What is required => Print out the entries, word for word.

Excerpts from a dataset
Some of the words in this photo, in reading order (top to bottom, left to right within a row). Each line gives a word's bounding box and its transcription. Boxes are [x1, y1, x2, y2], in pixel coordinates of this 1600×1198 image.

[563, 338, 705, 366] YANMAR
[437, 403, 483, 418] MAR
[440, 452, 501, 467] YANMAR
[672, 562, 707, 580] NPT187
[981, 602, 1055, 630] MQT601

Answer space =>
Some of the words in this photo, in reading order (top to bottom, left to right within a row). Each line gives a word's bounding box and its transcription. Boxes are [x1, y1, x2, y2], in pixel coordinates of this 1600×1198 image.

[563, 338, 705, 366] YANMAR
[437, 403, 483, 418] MAR
[440, 452, 501, 467] YANMAR
[672, 562, 707, 580] NPT187
[981, 602, 1055, 630] MQT601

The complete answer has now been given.